Questa storia non esiste. È una bufala, un falso, una bugia. Parla di alligatori liberati nel Rio Grande per dilaniare i clandestini al confine Sud, sostanze chimiche nell’acqua che trasformano i bambini in transgender, cani e gatti fatti arrosto, bagni di sangue. Mette in piazza le abitudini sessuali di JD Vance, il vero colore di Kamala e i finti attentati a Trump. Spiega che il governo controlla gli uragani, il wifi provoca il cancro e il vaccino anti-Covid è tutta una cospirazione. 

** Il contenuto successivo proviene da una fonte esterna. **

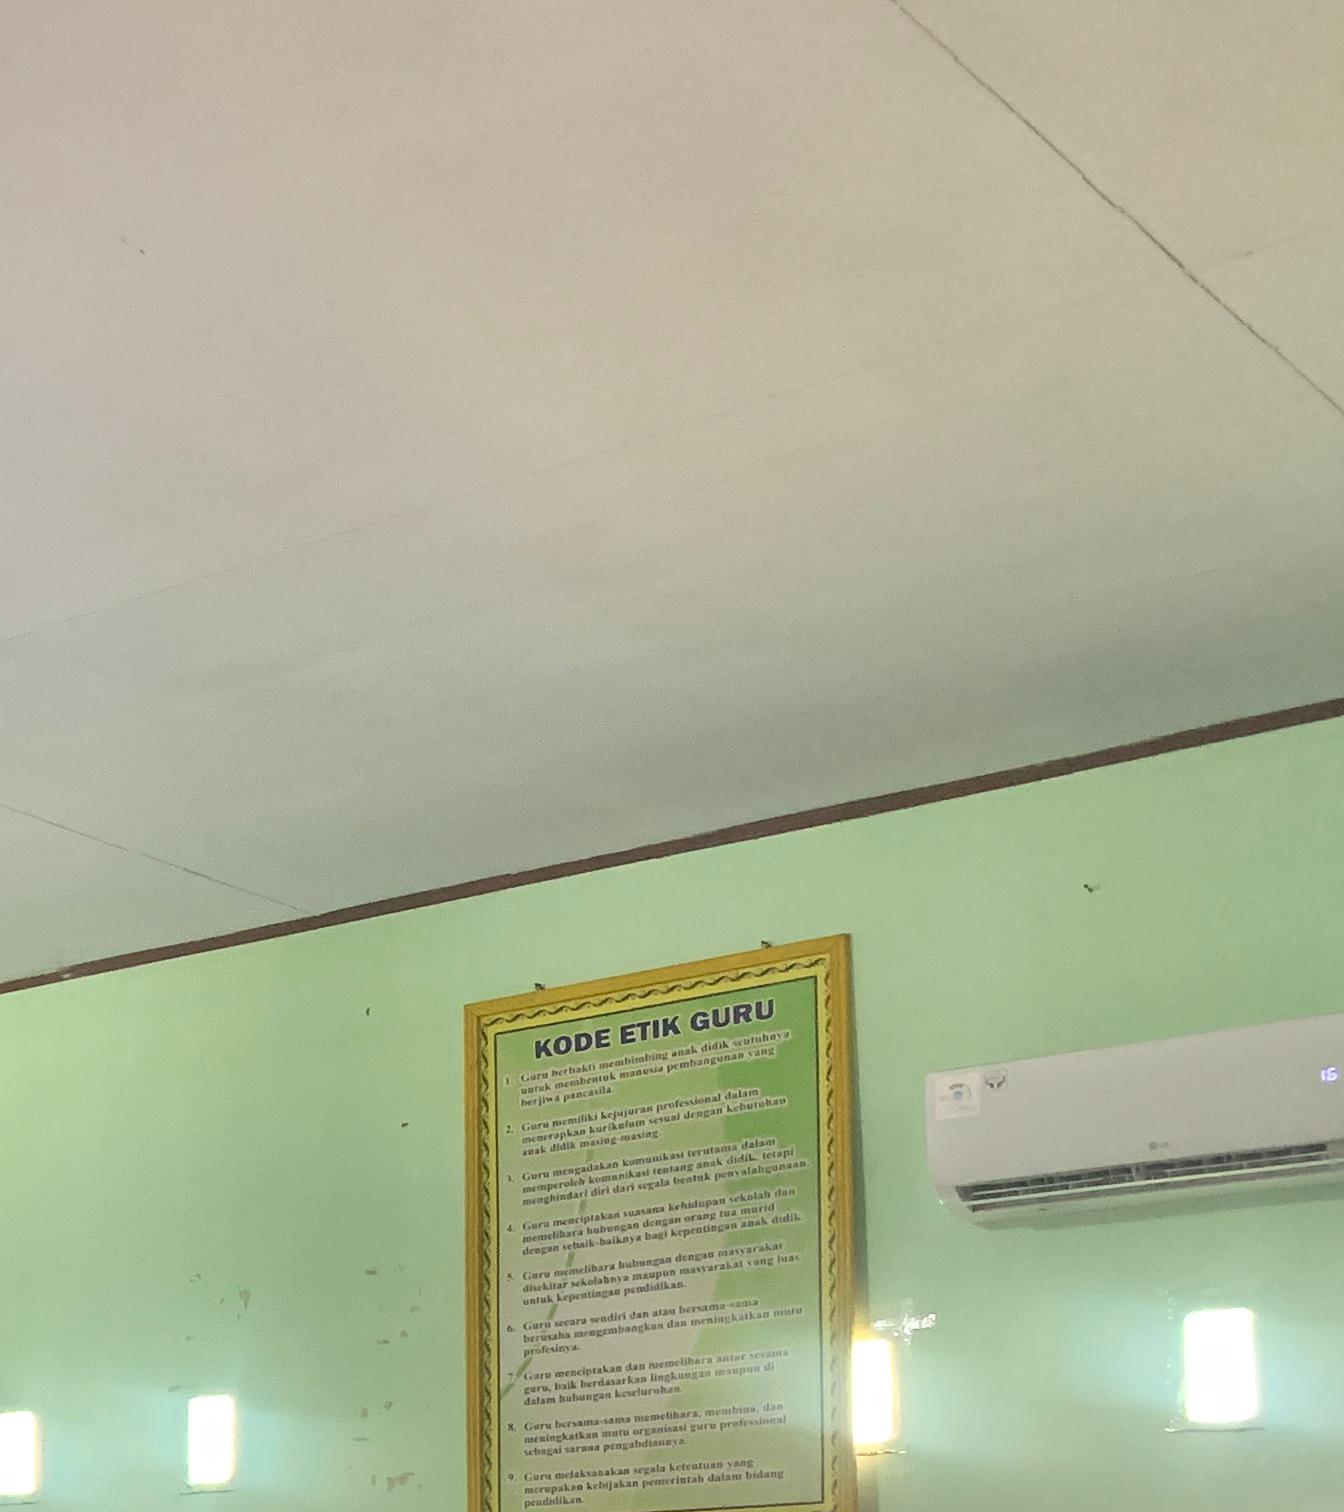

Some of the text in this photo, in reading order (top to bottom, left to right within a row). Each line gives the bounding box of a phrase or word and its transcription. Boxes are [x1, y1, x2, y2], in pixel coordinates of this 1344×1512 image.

In un mondo migliore, la vera notizia sarebbe che se ne parli. Le presidenziali hanno però la capacità di tirare fuori il peggio dall’America e da mesi la gara è a chi la spara più grossa. Vale dunque la pena tornarci sopra perché la somma dei falsi che da mesi animano la conversazione pubblica è la fotografia di uno stato d’animo – un distillato degli umori che ribollono nella pancia del paese. È un gioco al ribasso dove nessuno è innocente, i fact-check lasciano il tempo che trovano e la deriva partigiana è garantita. E mentre i fatti sfumano in un’approssimazione, la verità finisce all’angolo e il terreno di scontro diventa sempre più scivoloso.

La traiettoria del falso è ormai rodata. Quella degli immigrati haitiani che nella cittadina di Springfield, Ohio si dice divorino cani e gatti è un caso da manuale. La bufala debutta sui social locali, il regno delle paranoie, e da lì prende il volo verso la scena nazionale. È la parabola perfetta delle paure che animano l’elettorato di destra. Intercetta in chiave di razzismo i due temi al centro di queste elezioni, economia e immigrazione. Mescola orrore, disprezzo, violenza: è la voce del cittadino qualunque travolto dai demoni alla modernità in una delle infinite piccole città che punteggiano la flyover country. Rimbalza su X e da lì a un comizio di JD Vance. Trump, che della menzogna ha fatto il suo stile, la rilancia al dibattito presidenziale e a quel punto non c’è verso di tornare indietro.

Seguono smentite, inchieste, interviste, commenti – un cataclisma che chissà quanto sposta in chiave elettorale. I sostenitori si compattano, gli oppositori urlano allo scandalo e ognuno resta della propria opinione. Intanto a Springfield fioccano gli allarmi bomba, le scuole sono evacuate e gli immigrati haitiani si sentono a rischio. Poco dopo, un gruppo di estremisti di destra sbarca nella cittadina e pattuglia in armi le vie a difesa dei cittadini americani, s’immagina quelli bianchi. 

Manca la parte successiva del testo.